Stored items:
Segment Open

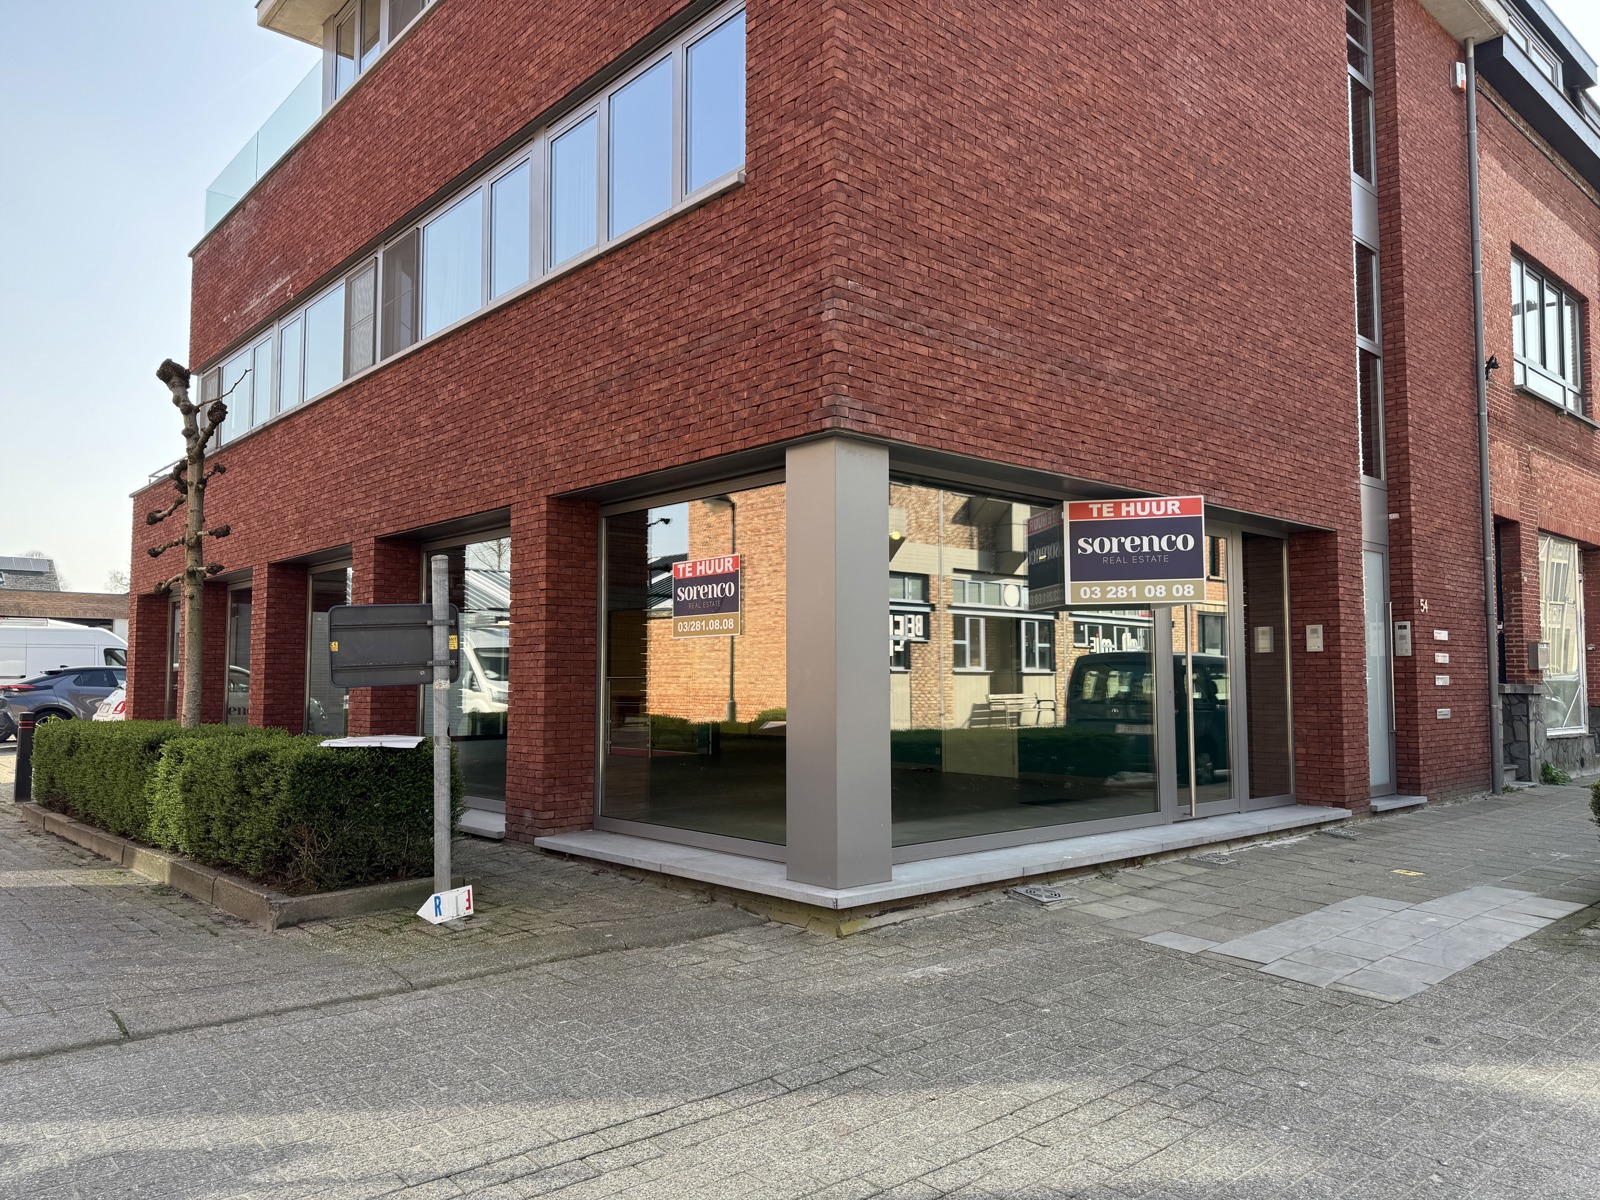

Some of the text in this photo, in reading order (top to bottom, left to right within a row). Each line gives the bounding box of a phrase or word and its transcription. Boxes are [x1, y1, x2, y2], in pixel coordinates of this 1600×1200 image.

[1088, 500, 1181, 517] TE HUUR
[1077, 533, 1195, 555] sorenco
[1102, 554, 1169, 564] REAL ESTATE
[677, 557, 734, 578] TE HUUR
[677, 581, 735, 602] sorenco
[1080, 584, 1195, 599] 03 281 08 08
[688, 600, 721, 609] REAL ESTATE
[1419, 599, 1429, 613] 54
[677, 618, 734, 632] 03/281.08.08

Segment Closed

[TASK DIRECTIONS]
Your reply should be the entries above, repeated exactly and free of pictures.

[SOLVED PROBLEM]
Some of the text in this photo, in reading order (top to bottom, left to right within a row). Each line gives the bounding box of a phrase or word and its transcription. Boxes are [x1, y1, x2, y2], in pixel coordinates of this 1600×1200 image.

[1088, 500, 1181, 517] TE HUUR
[1077, 533, 1195, 555] sorenco
[1102, 554, 1169, 564] REAL ESTATE
[677, 557, 734, 578] TE HUUR
[677, 581, 735, 602] sorenco
[1080, 584, 1195, 599] 03 281 08 08
[688, 600, 721, 609] REAL ESTATE
[1419, 599, 1429, 613] 54
[677, 618, 734, 632] 03/281.08.08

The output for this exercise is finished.